You can read the rest of the story by clicking on the link. It is written by one of the companies that provides statistical analysis packages to industry.
http://www.minitab.com/resources/Articles/Attribute%20Gage%20R&R%20KT%2035.pdf
I do this sort of work on a daily basis as a quality engineer for a Fortune 50 company.
Ambrey
Apr. 9, 2008, 10:56 PM
Personally, I think the range of 1-10 gives a sufficient spread between "totally awful" and "spectacularly correct" to be a useful metric scale.
Only if the judges are using the entire range. If they are really focusing on the areas between 5 and 7, with only outliers outside of that range, it changes things!
J-Lu
Apr. 9, 2008, 11:21 PM
Only if the judges are using the entire range. If they are really focusing on the areas between 5 and 7, with only outliers outside of that range, it changes things!
Exactly the problem. I can forsee that if half-points are added, judges will still only focus on the scale between 5 and 7, giving 5.5s, 6s and 6.5s, wiht the resulting score being similar to the score if only integers are used. The scores will continually close in on the mean...barring disaster for a specific movement. So instead of 5,6,6,6,7,5,6,6 we'll see 5.5,6,6.5,6.5,6.5,6.5,6,5.5,6. But still, there is the problem that for half-points to work, judges have to be very clear on what is a "6" and what is a "7" in order to describe a "6.5" without totally guessing.
This is why I think the scale is fine. I do have a problem with the judging, though. The judges, IMO, should use the whole range and score what they see. I have no sympathy for a judge giving any other score than what is earned. If they are worried about aggravating riders or not being invited back, then they shouldn't be judging. Period. I'd love it if in my job, I can "pad" data so as not to make people feel bad. But I'd be fired in an instant.
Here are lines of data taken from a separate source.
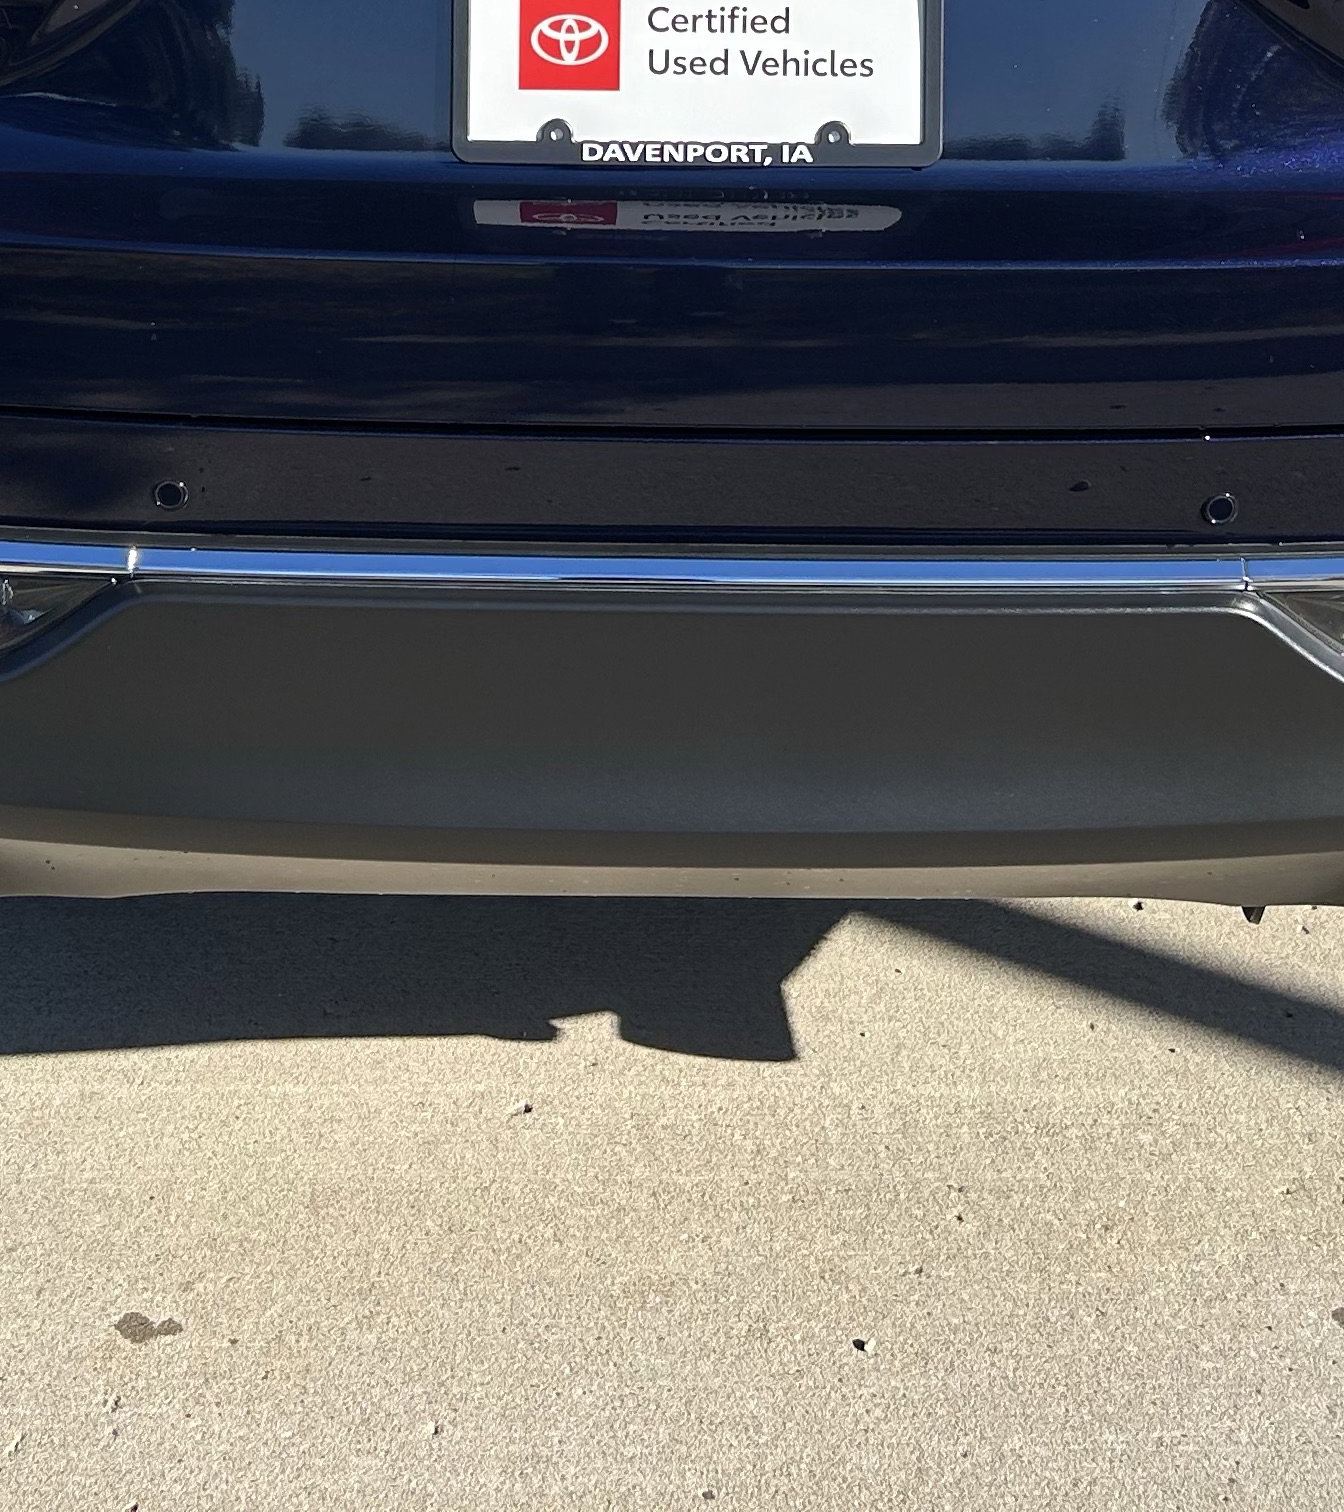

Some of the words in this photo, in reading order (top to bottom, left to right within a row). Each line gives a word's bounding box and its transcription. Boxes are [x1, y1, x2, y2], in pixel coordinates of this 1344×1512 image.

[647, 6, 790, 35] Certified
[647, 49, 729, 76] Used
[740, 50, 874, 78] Vehicles
[581, 142, 772, 167] DAVENPORT,
[781, 144, 813, 163] IA
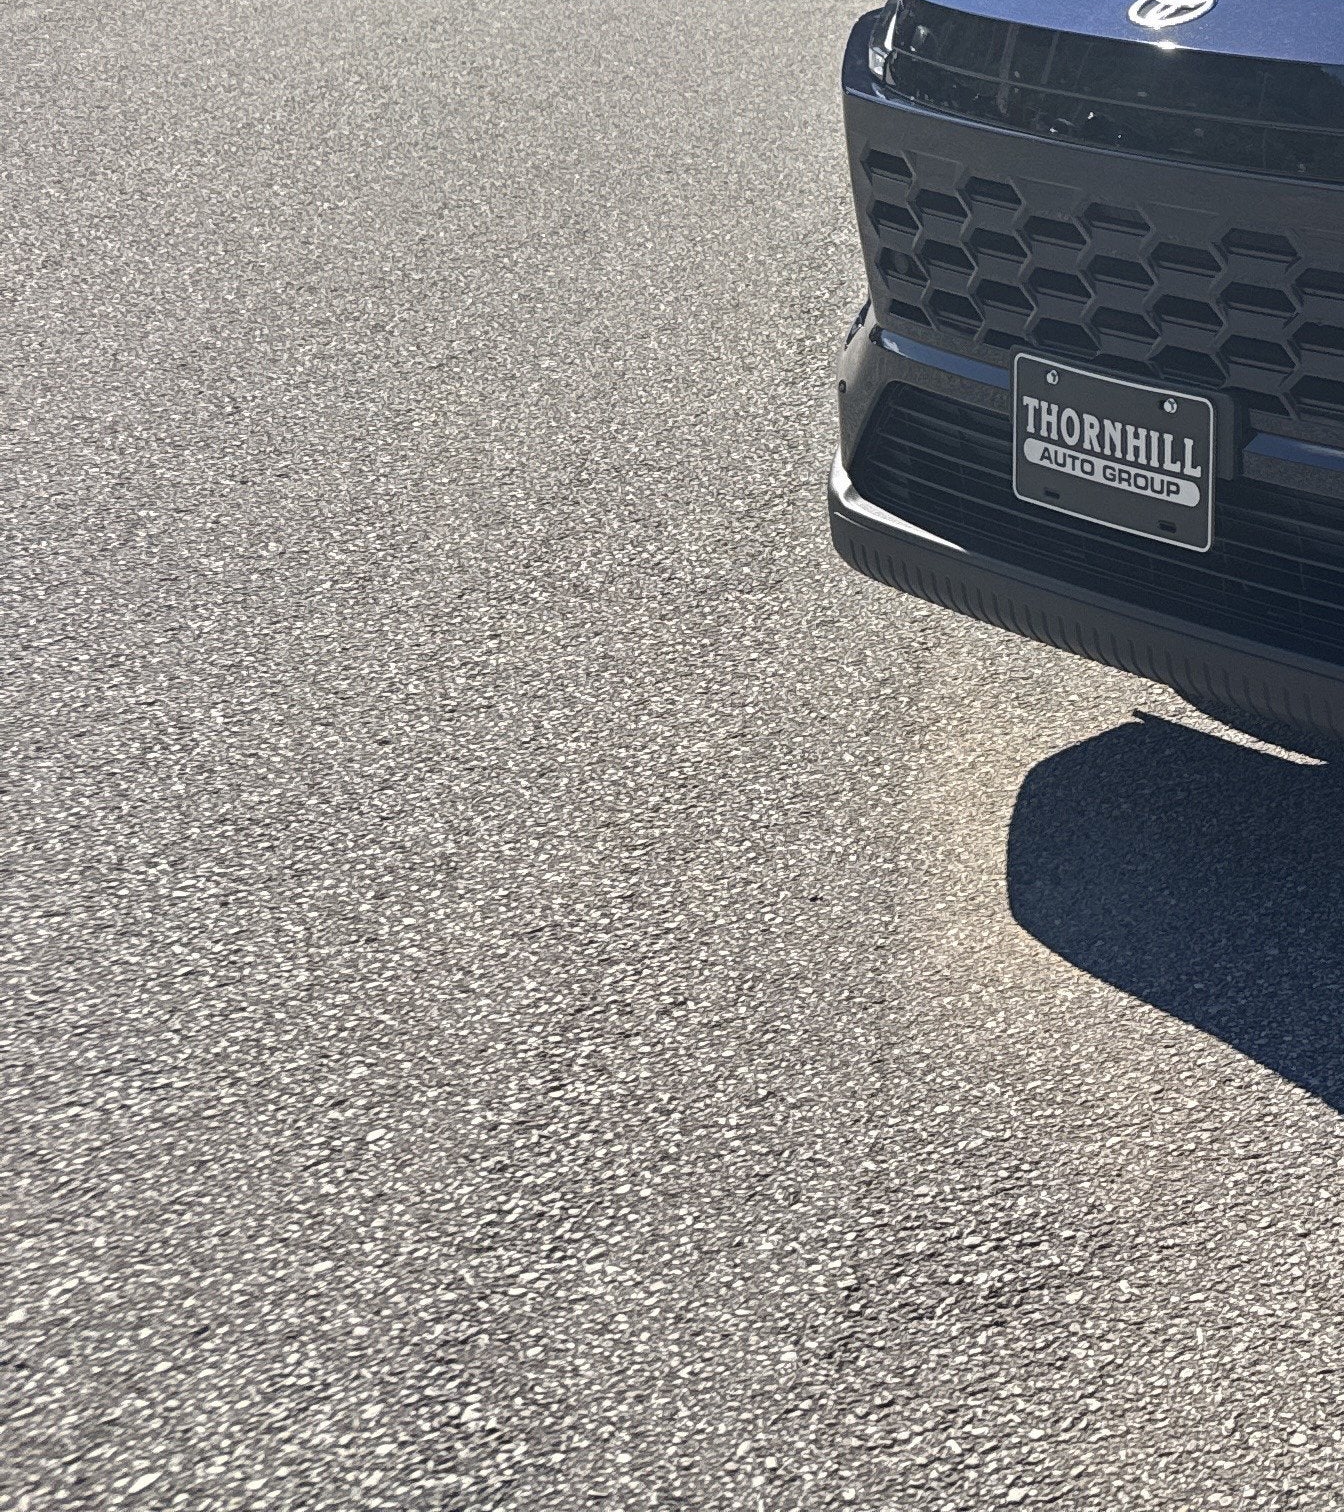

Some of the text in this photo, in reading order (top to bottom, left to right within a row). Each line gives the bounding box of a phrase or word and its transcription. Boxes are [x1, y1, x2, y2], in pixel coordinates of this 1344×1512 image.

[1022, 395, 1202, 478] THORNHILL
[1039, 446, 1181, 498] AUTO GROUP
Ooops, but this isn't what the thread is about. :winkgrin: So to reiterate, I think the integer system is fine if, as pointed out, it is used correctly.
J.
Dressage Art
Apr. 9, 2008, 11:28 PM
1.926% (2,065 rides) scored in the 40-40.99% range
33.522% (35.946 rides) scored in the 50-50.99% range
58.377% (62,599 rides) scores in the 60-60.99% range
6.028% (6,464 rides) scored in the 70-70.99% range
The few numbers of very low and very high scores, with a strong clustering in the mid-range suggests that judges are not using the full range of scores
I agree that judges are not using the full range of scores, but I also know that it's quite difficult to do.
***Scores of 4-5-6-7-8 are the safe scores for judge to give and nobody questions those scores, so judge will not be put on the spot and demanded to back up her/his scores. If scores will be different from other judges, it's not going to be different by much, so again - it's safe to stay with in a "safe range of scores"
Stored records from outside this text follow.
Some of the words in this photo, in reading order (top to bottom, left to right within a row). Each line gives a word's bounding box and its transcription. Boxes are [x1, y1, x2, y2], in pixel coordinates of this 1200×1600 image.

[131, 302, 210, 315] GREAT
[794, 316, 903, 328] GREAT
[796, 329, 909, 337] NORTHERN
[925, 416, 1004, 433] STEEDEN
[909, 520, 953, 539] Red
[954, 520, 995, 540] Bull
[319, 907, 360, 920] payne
***Judge has to have "balls" to use the full score range. Because it is so uncommon, it'll be a statement and judge must be ready for the lime spot light and be ready to take some of the negative pressure with going out of the group and using the whole score range.
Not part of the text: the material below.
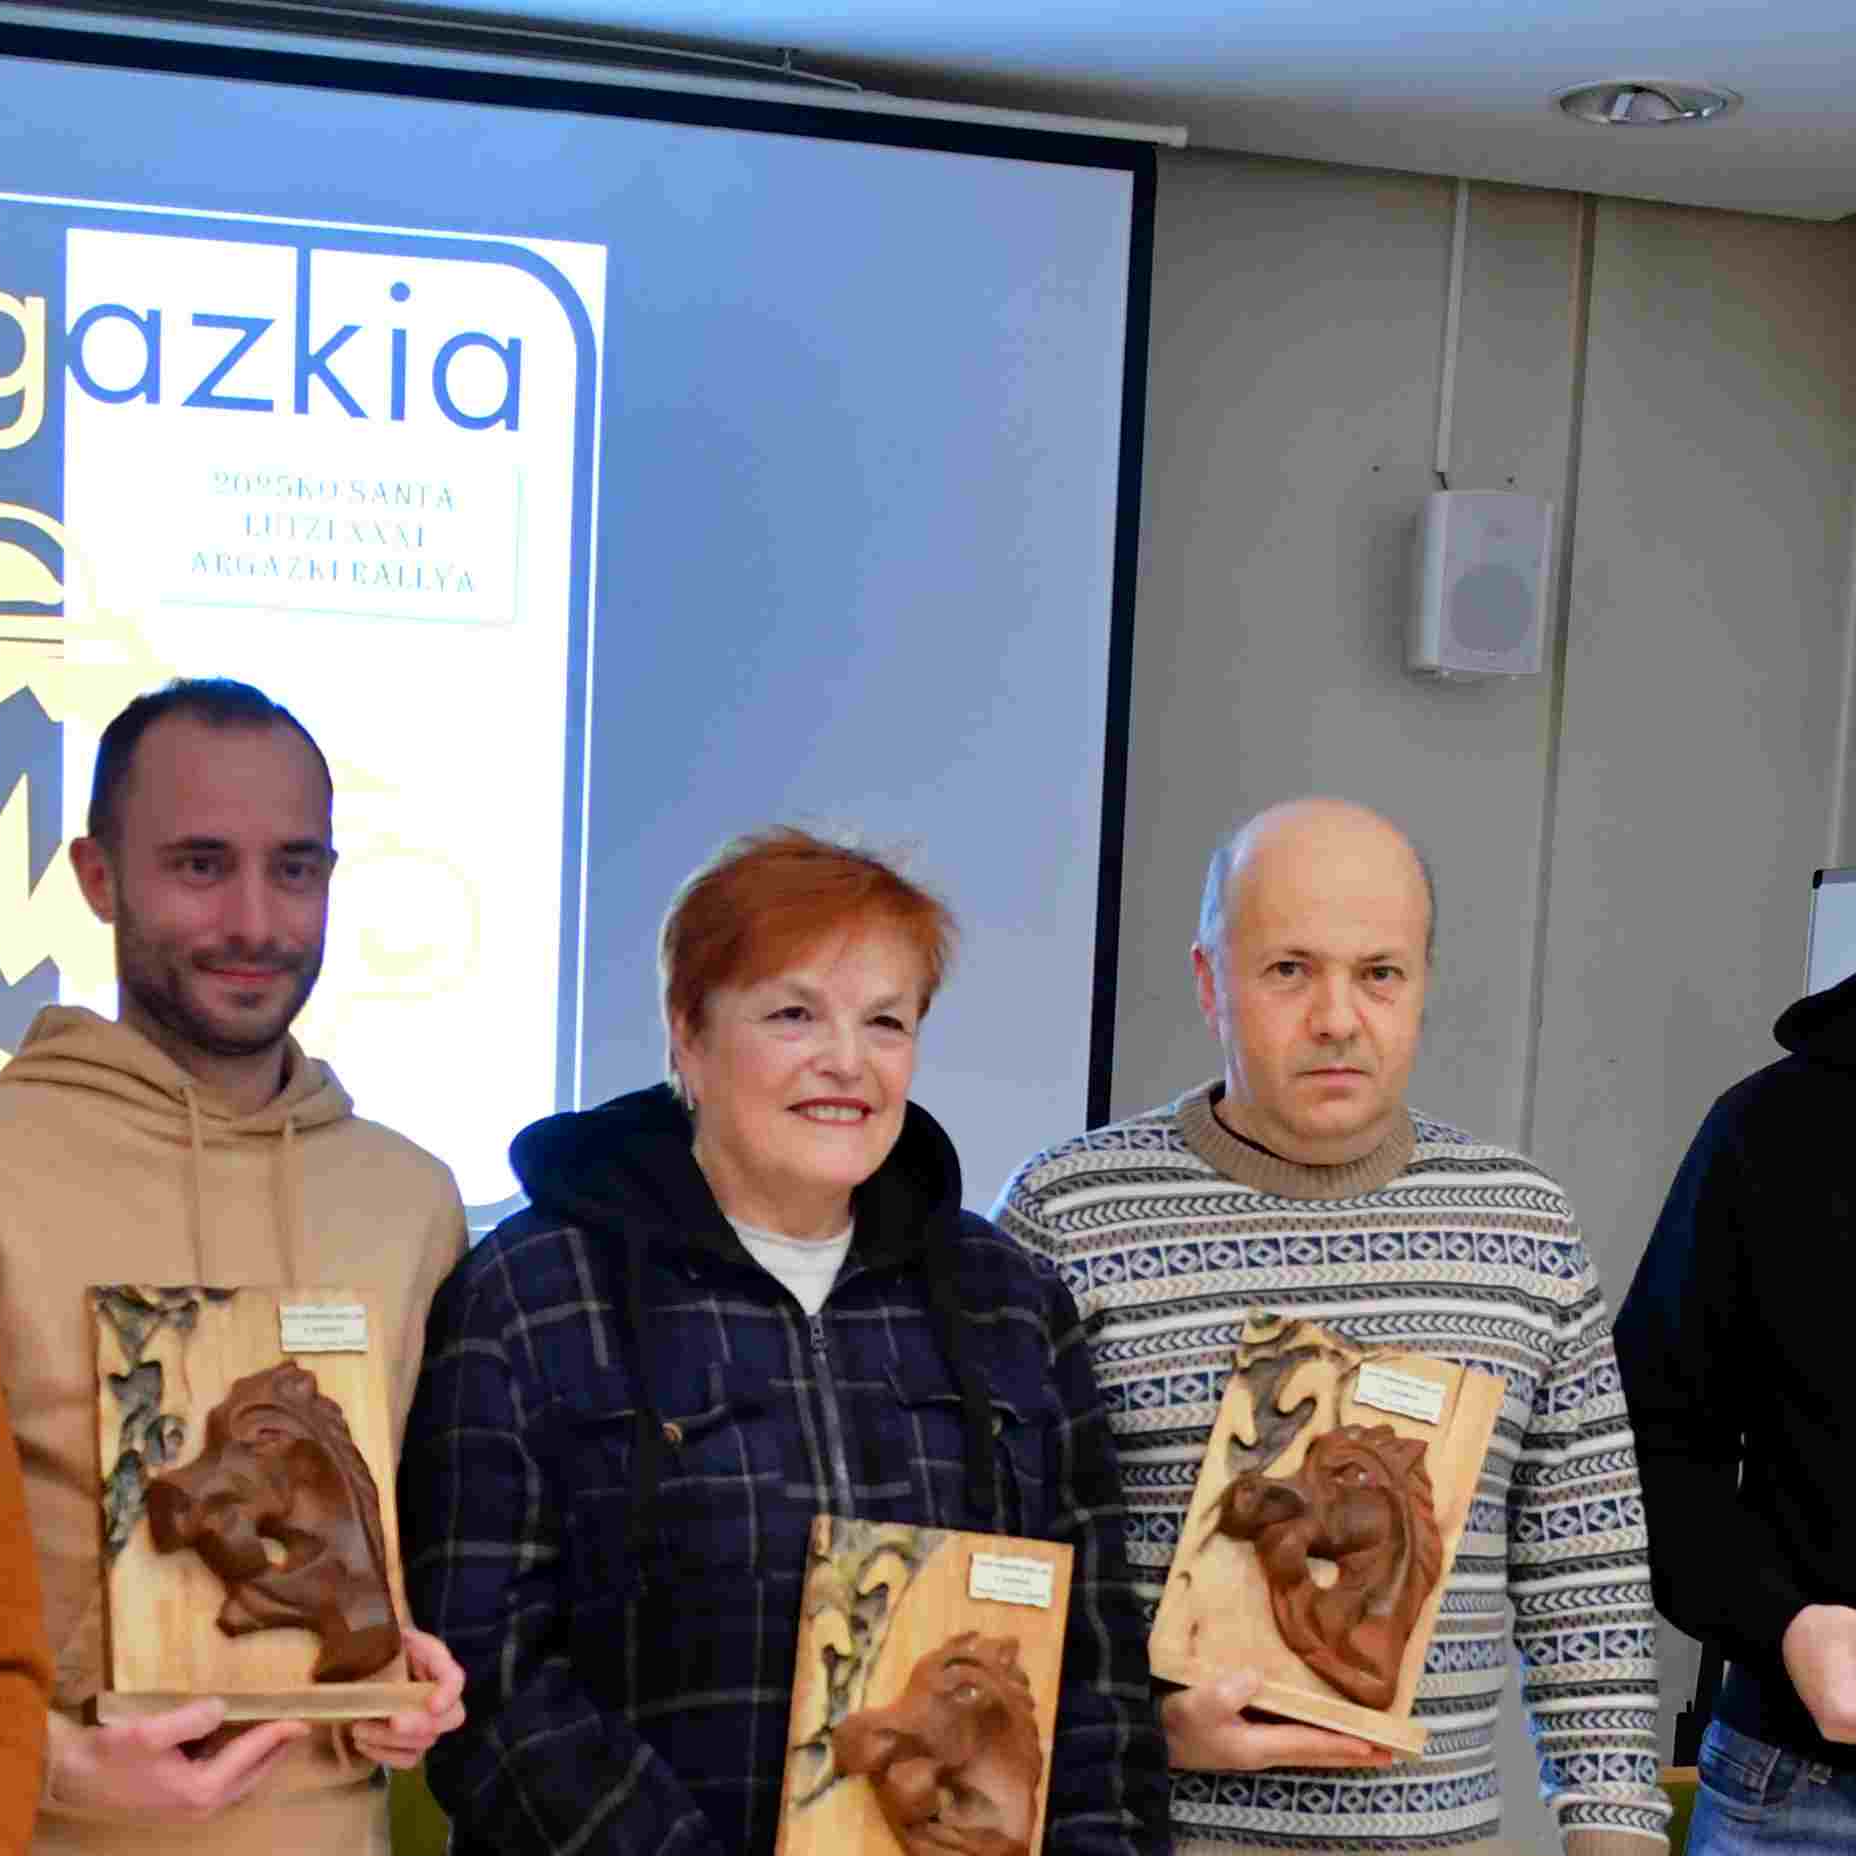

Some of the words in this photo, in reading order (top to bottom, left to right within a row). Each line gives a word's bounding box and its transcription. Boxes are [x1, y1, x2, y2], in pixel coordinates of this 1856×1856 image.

[351, 479, 455, 510] SANTA
[192, 551, 338, 583] ARGAZKI
[351, 560, 478, 594] RALLYA
***If majority judges don't use the whole score range, then when a few judges decide to use the whole score range - they are not judging by the same standard.
***To use the whole range judge has to be very knowledgeable and experienced to be able to defend her/his scores.
~Freedom~
Apr. 9, 2008, 11:38 PM
I agree that judges are not using the full range of scores, but I also know that it's quite difficult to do.
The problem is that you simply cannot award scores to a competitor that doesn't deserve it.
I have always used the full range of scores but in a normal class the majority WILL sit at the 5--6 score.
I have given both a zero and a 10 but when I have, they were deserved.
claire
Apr. 10, 2008, 05:35 AM
The problem is that you simply cannot award scores to a competitor that doesn't deserve it.
But, here's the thing, ARE judges awarding the "deserved" scores?
This statement from another judge is very concerning:
Scores of 4-5-6-7-8 are the safe scores for judge to give and nobody questions those scores, so judge will not be put on the spot and demanded to back up her/his scores. If scores will be different from other judges, it's not going to be different by much, so again - it's safe to stay with in a "safe range of scores"
If this is true, it would appear that the judges do NOT want to venture outside the "safe" range even if deserved?
Why?
~Freedom~
Apr. 10, 2008, 06:55 AM
If this is true, it would appear that the judges do NOT want to venture outside the "safe" range even if deserved?
Why?
Why because 90% of the times a competitor WILL be relatively consistent throughout their tests.
I have seen and judged enough tests that when a horse/rider works through their test they tend to remain within that quality level throughout. If the test shows scores of 9, 4, 6, 8, 3 then that rider is riding extremely uneven or the horse is.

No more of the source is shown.